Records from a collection

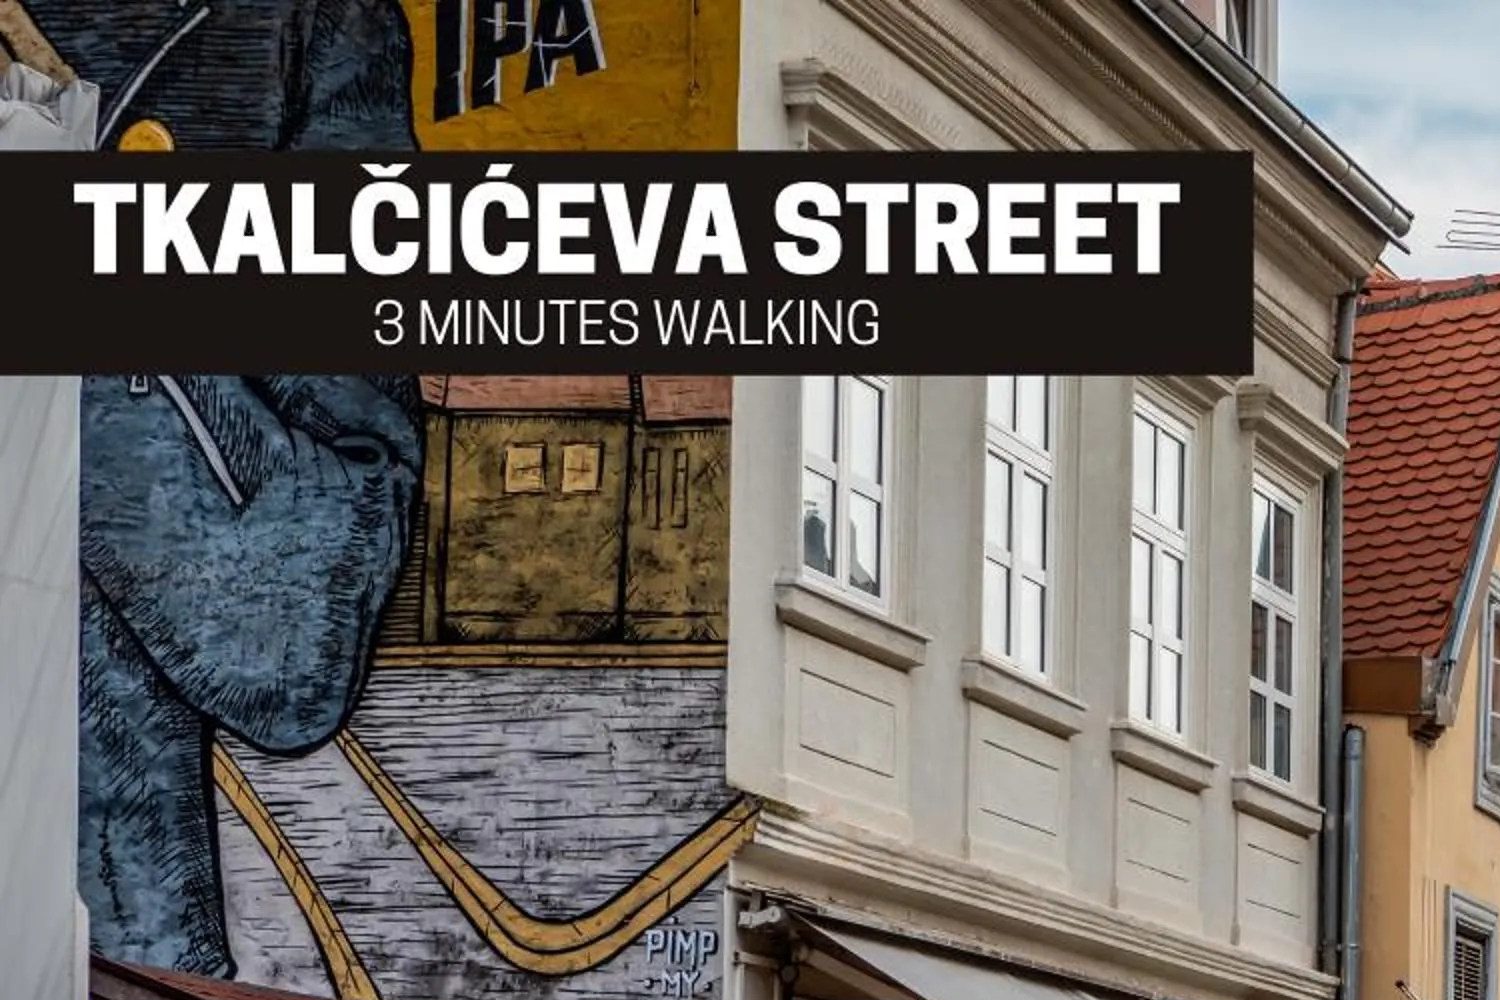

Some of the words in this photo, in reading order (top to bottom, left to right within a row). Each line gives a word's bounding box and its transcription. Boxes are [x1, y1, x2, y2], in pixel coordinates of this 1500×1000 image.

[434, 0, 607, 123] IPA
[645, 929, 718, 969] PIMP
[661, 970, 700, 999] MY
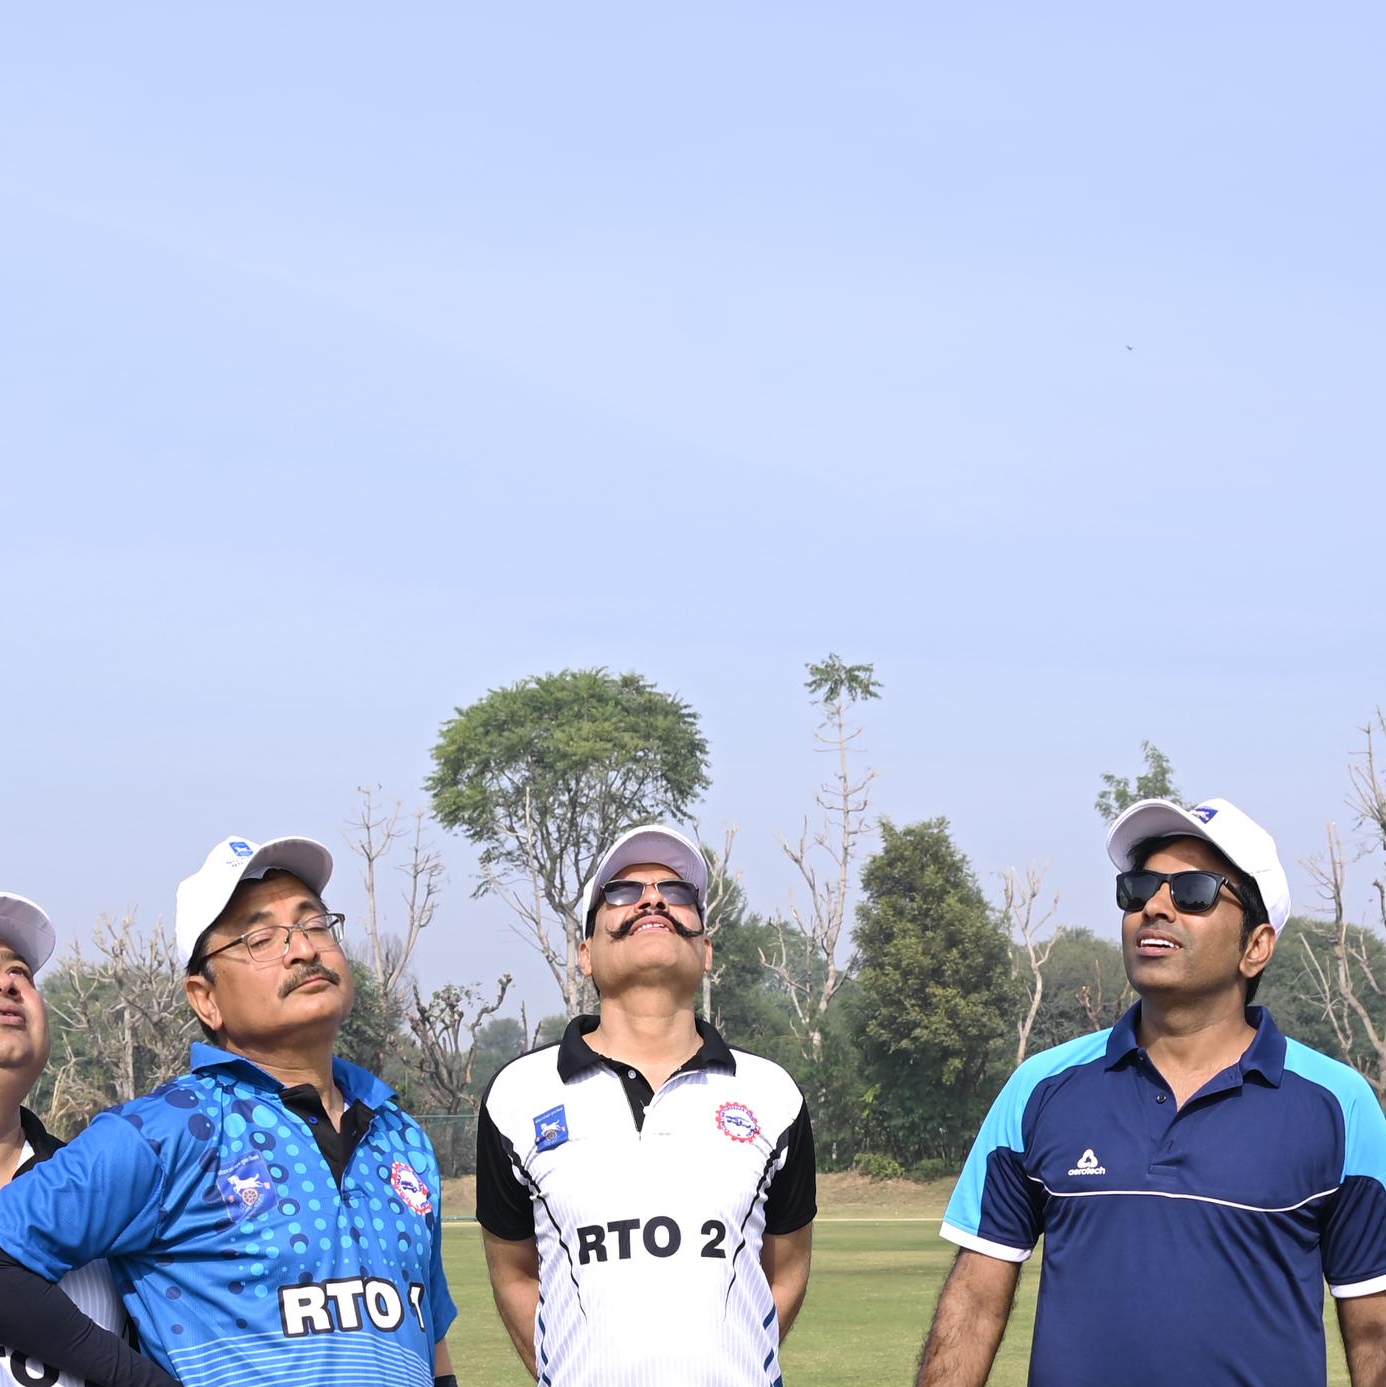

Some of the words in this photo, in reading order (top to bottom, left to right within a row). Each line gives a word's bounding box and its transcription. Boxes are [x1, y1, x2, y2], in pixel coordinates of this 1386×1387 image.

* [What you have to do]
Transcribe the entries above verbatim, excluding any image.

* [Task response]
Some of the words in this photo, in reading order (top to bottom, left to right within a row). Each line gives a word's bounding box and its transcription. Boxes are [x1, y1, x2, y2], in pixel coordinates of this 1500×1000 image.

[434, 0, 607, 123] IPA
[645, 929, 718, 969] PIMP
[661, 970, 700, 999] MY

Some of the words in this photo, in reading order (top to bottom, left to right within a row). Each line gives a word's bounding box and its transcription. Boxes are [x1, y1, x2, y2], in pixel coordinates of this 1386×1387 image.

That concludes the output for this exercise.